In 2014, they took over the capital and expanded their military presence to several provinces. Since then, the ideology around their slogan prevailed in areas that fall under their control, becoming deeply imbedded into the daily life of Houthi fighters. Their belief in this mission will grow firmer as their enemies in the Gulf countries have openly drawn closer to Israel.

In military psychology, the commander needs to make sure that soldiers are incensed over a specific issue, so they act resolutely to win in battle. As stated by Sun Tzu in the “Art of War,” “In order to kill the enemy, our men must be roused to anger.”

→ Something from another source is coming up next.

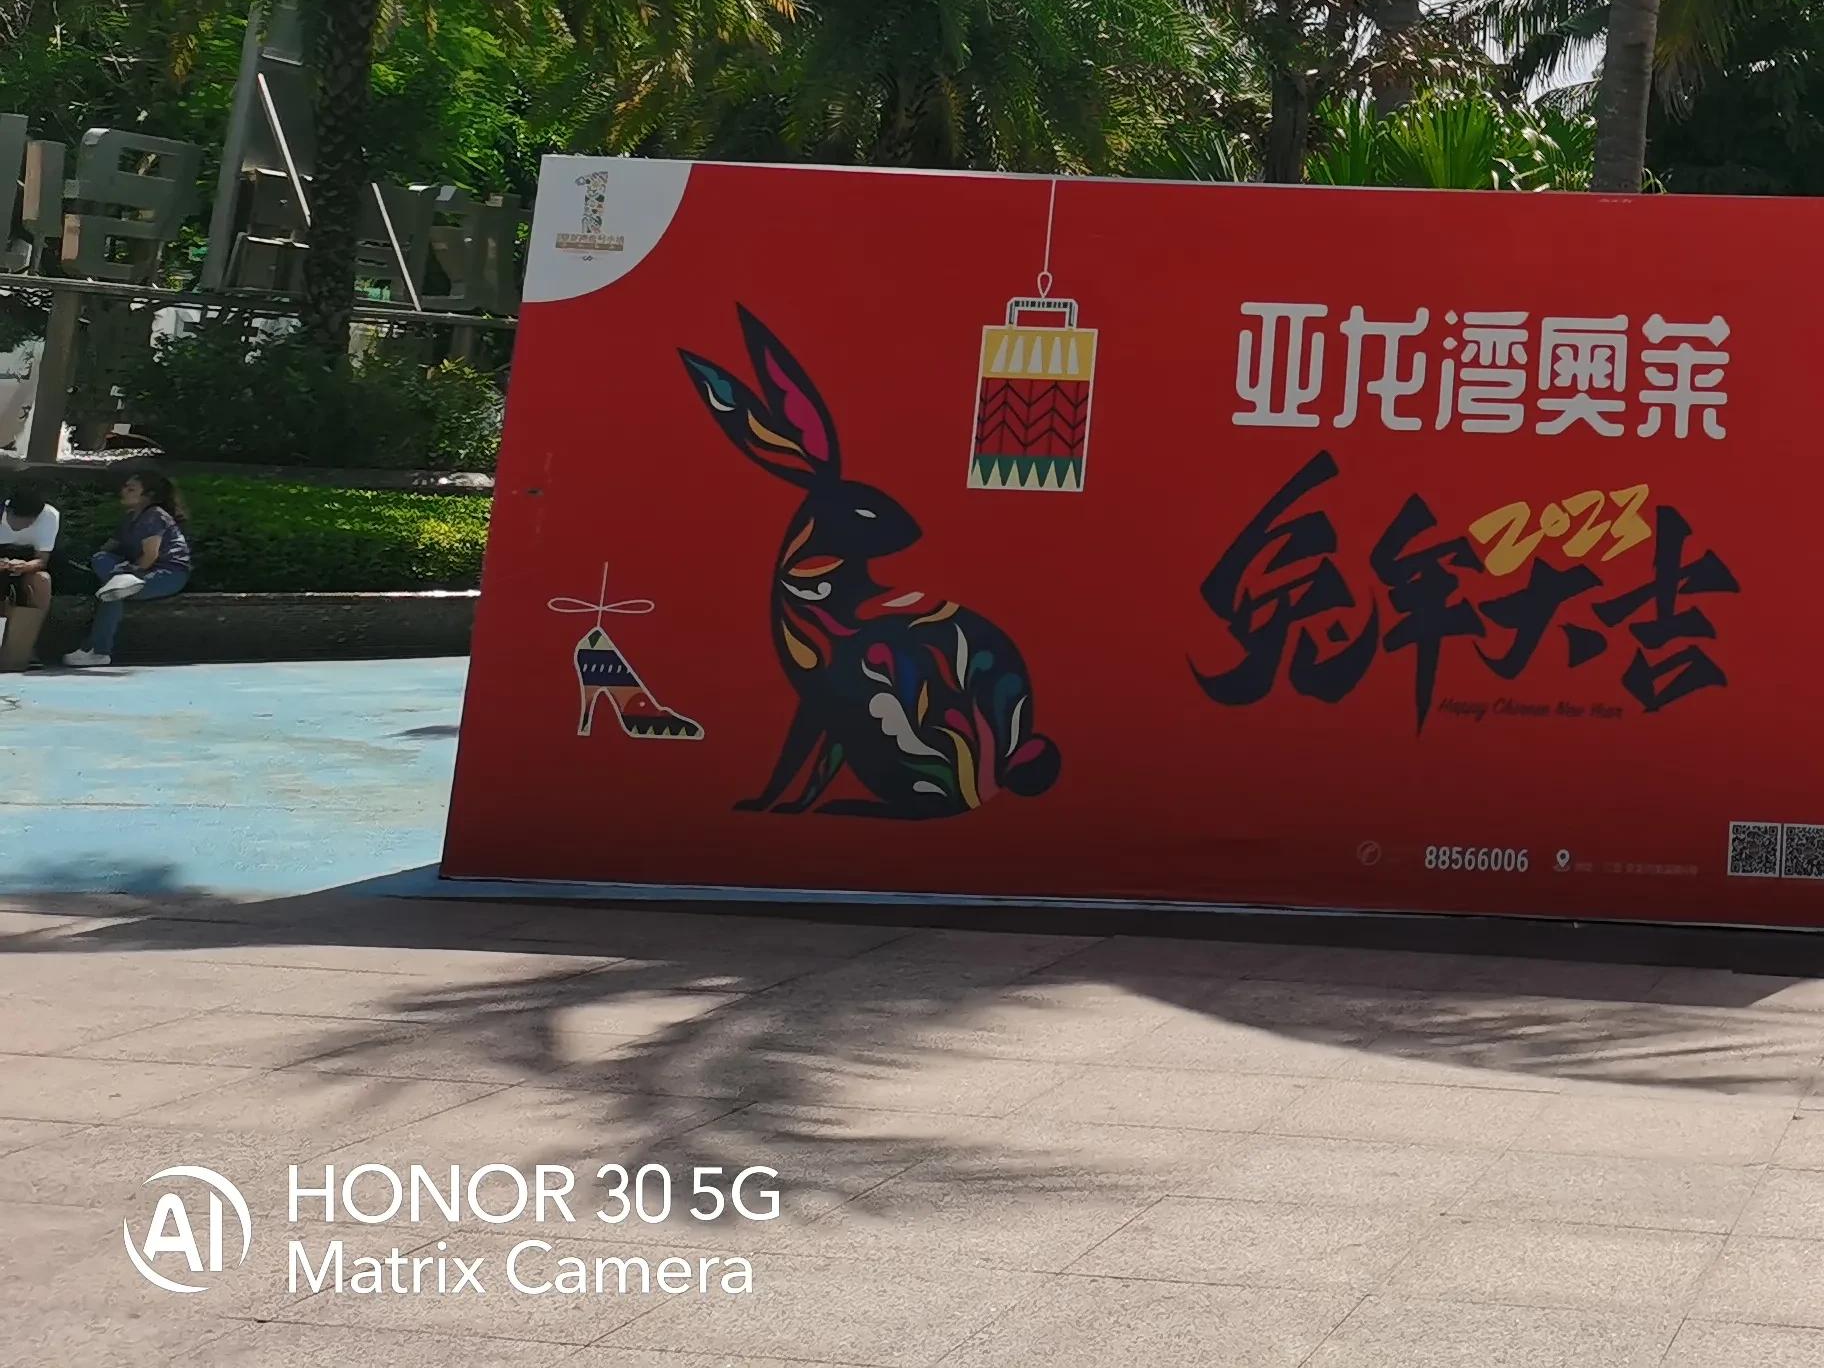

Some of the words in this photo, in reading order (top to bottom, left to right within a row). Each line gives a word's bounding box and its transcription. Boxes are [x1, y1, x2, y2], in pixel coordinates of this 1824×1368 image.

[1232, 301, 1731, 440] 亚龙湾奥莱
[1468, 483, 1652, 576] 2023
[1185, 450, 1740, 738] 兔年大吉
[1424, 845, 1529, 873] 88566006

This applies to the Houthis in Yemen. The recent Israel-UAE deal has angered the group and galvanized their supporters. Indeed, this fury will not squarely hurt Israel or the UAE, but it can hurt Yemenis who have been the victims of a proxy war over the last five years.

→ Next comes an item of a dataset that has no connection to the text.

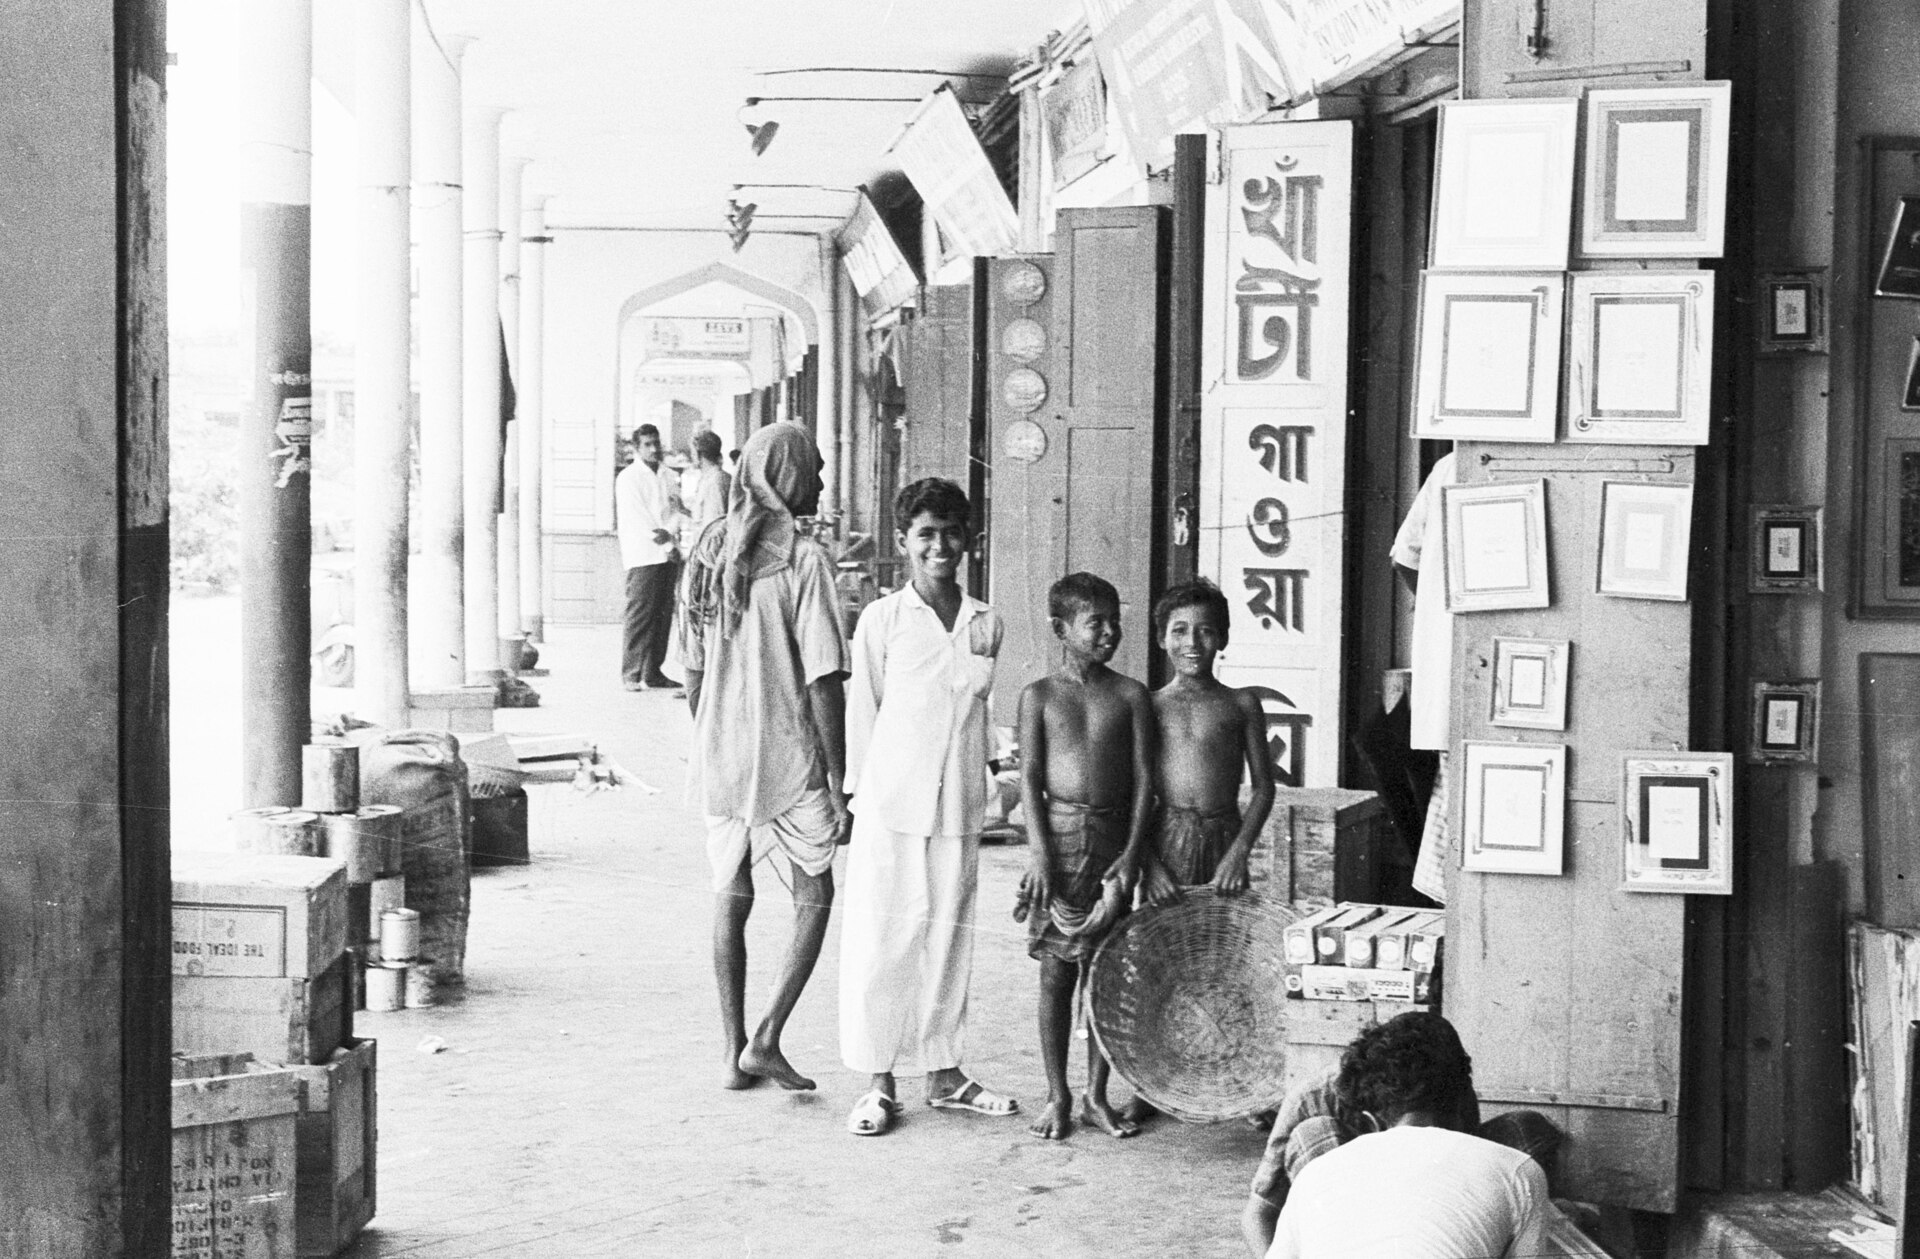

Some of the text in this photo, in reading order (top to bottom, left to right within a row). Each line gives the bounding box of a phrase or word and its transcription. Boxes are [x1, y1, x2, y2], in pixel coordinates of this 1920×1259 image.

[173, 941, 265, 958] THE IDEAL FOOD

The Houthis have been a proxy for Iran, and the anti-Houthi forces are allied with Saudi Arabia and the UAE. The Houthis view their Yemeni opponents as just Saudi puppets while the latter claim the Houthis are the destructive hand of Iran in Yemen.

With this new normalization treaty between the UAE and Israel, the Houthi leadership will take pride in their stance and project themselves to Yemenis, particularly in the North, as genuine patriots and visionary leaders.

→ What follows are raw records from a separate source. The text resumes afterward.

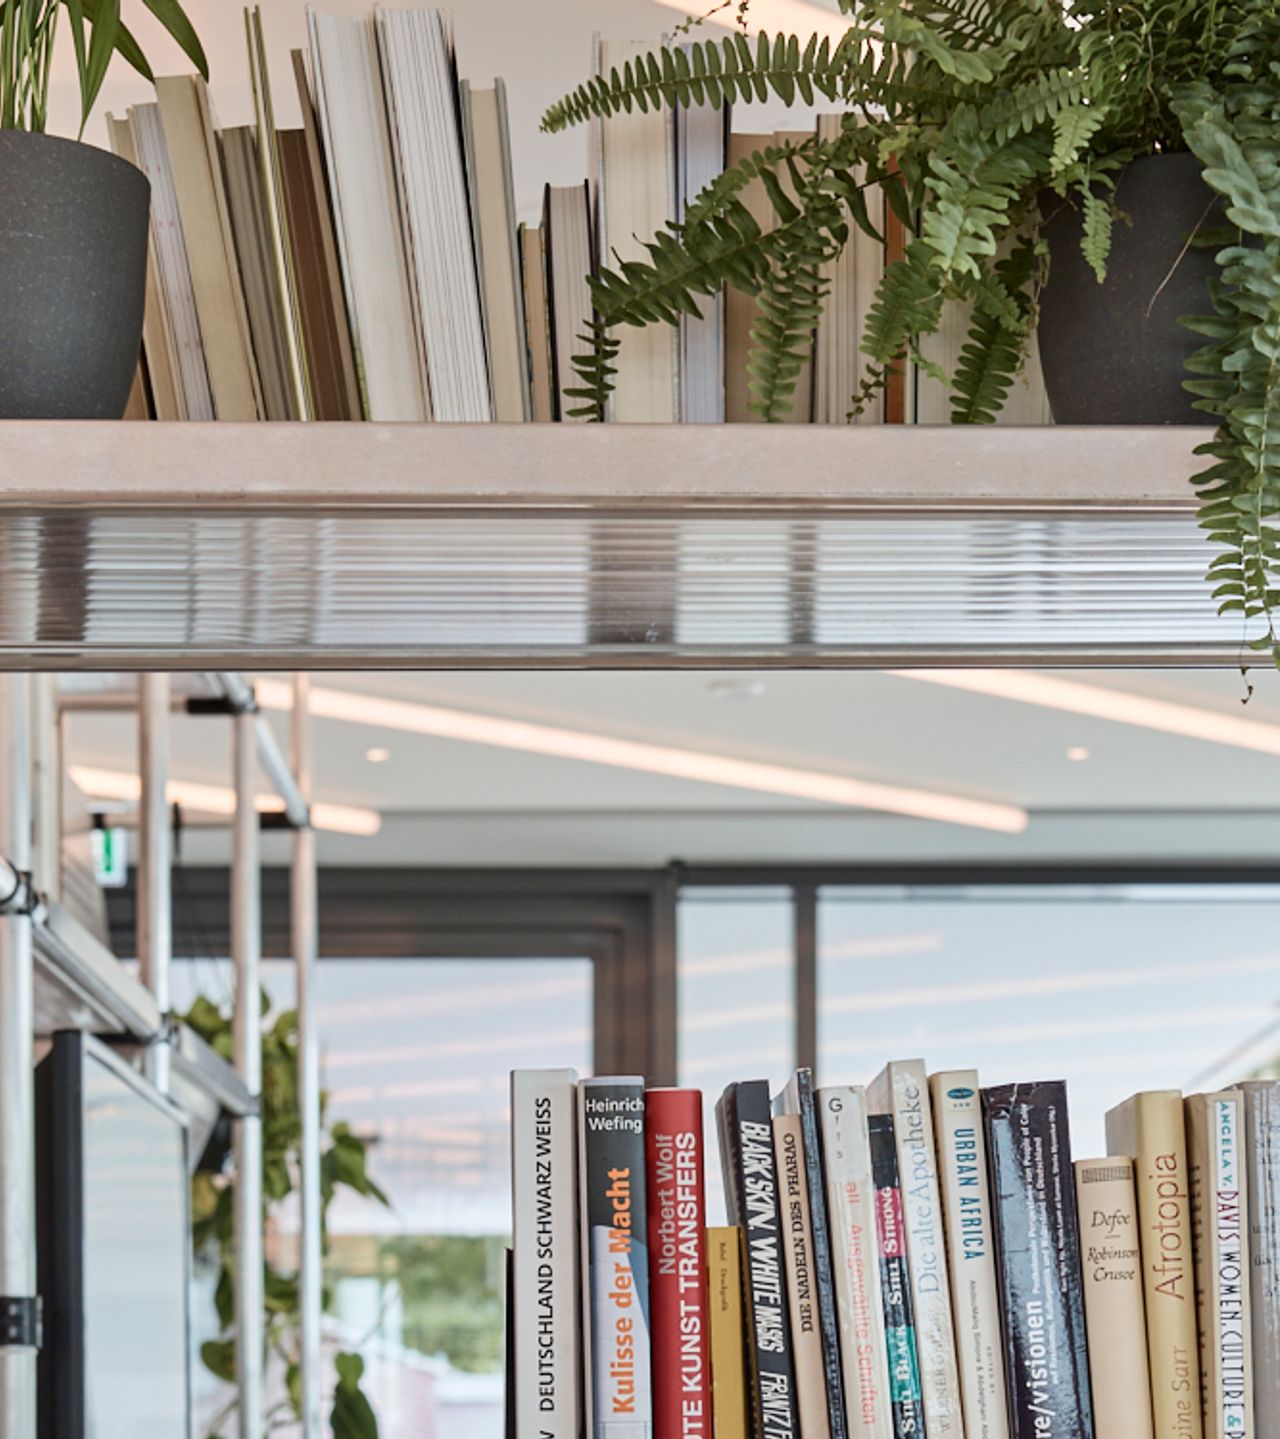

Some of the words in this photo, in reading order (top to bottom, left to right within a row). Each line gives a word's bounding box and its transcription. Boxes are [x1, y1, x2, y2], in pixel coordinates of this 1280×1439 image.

[535, 1097, 552, 1158] WEISS
[586, 1097, 644, 1113] Heinrich
[588, 1115, 642, 1133] Wefing
[655, 1134, 674, 1184] Wolf
[740, 1120, 773, 1181] BLACK
[783, 1133, 801, 1197] PHARAO
[900, 1087, 933, 1202] Apotheke
[954, 1127, 980, 1187] URBAN
[1220, 1103, 1234, 1169] ANGELA
[536, 1162, 553, 1259] SCHWARZ
[606, 1167, 632, 1254] Macht
[1221, 1173, 1233, 1188] Y.
[657, 1188, 676, 1275] Norbert
[675, 1132, 700, 1294] TRANSFERS
[790, 1201, 805, 1233] DES
[879, 1186, 899, 1254] STRONG
[913, 1206, 935, 1247] alte
[959, 1196, 986, 1260] AFRICA
[1149, 1152, 1187, 1301] Afrotopia
[1217, 1190, 1240, 1242] DAVIS
[609, 1262, 632, 1308] der
[749, 1236, 782, 1305] WHITE
[794, 1238, 811, 1300] NADELN
[918, 1254, 940, 1294] Die
[1087, 1246, 1139, 1265] Robinson
[1092, 1266, 1136, 1283] Crusoe
[799, 1303, 814, 1333] DIE
[1219, 1249, 1242, 1328] WOMEN,
[537, 1264, 555, 1412] DEUTSCHLAND
[679, 1300, 702, 1392] KUNST
[753, 1304, 785, 1353] MASKS
[610, 1317, 635, 1413] Kulisse
[856, 1343, 878, 1425] Schriften
[1024, 1301, 1056, 1439] re/visionen
[1171, 1345, 1190, 1393] Sarr
[1221, 1330, 1246, 1410] CULTURE
[759, 1370, 792, 1431] FRANTZ
[1226, 1414, 1242, 1429] &

In August 2019, there were reports that Israel was planning to hit Houthi targets in Yemen, specifically locations in the Bab Al-Mandab Strait, which connects the Red Sea and the Gulf of Aden. As the war has prolonged, Israel has not taken Yemen lightly.

Israeli Prime Minister Benjamin Netanyahu openly stated in October 2019 that Iran seeks to launch precision-guided missiles at Israel from Yemen.

Israeli Prime Minister Benjamin Netanyahu openly stated in October 2019 that Iran seeks to launch precision-guided missiles at Israel from Yemen. “Iran hopes to use Iran, Iraq, Syria, Lebanon, and Yemen as bases to attack Israel with statistical missiles and precision-guided missiles. That is a great, great danger,” Netanyahu said.

The Houthis have not avoided mentioning Israel and they openly threatened to hit targets in Tel Aviv on land and sea. Houthi Defense Minister Mohammed Al-Atifi said in December 2019 that they will not be reluctant to strike Israel when the group’s leadership grants the green light.

It is clear that with more evidence of potential Israeli engagement in Yemen’s war, the Houthi rationale will become stronger among the group’s supporters and fighters.

In Yemen, the peace deal between Israel and the UAE can add to the momentum of hate and mistrust between the Houthis and their local political opponents, who are allied with the Saudi-UAE-led Arab coalition that launched an aerial military campaign against the Houthis in March 2015.

Over the course of the last six years, the Houthi group has seized several areas under the pretext of combating Al-Qaeda and Daesh militants in Yemen. It has been a devastating war which seems to be far from over. Now they will exploit the anger of Yemenis over the Israel-UAE normalization deal, mobilize more loyalists, and persuade grassroots factions of their commitment to Palestine. This may beget an abundance of pro-Houthi fighters, which means further violence, bloodshed, and suffering for the Yemeni people.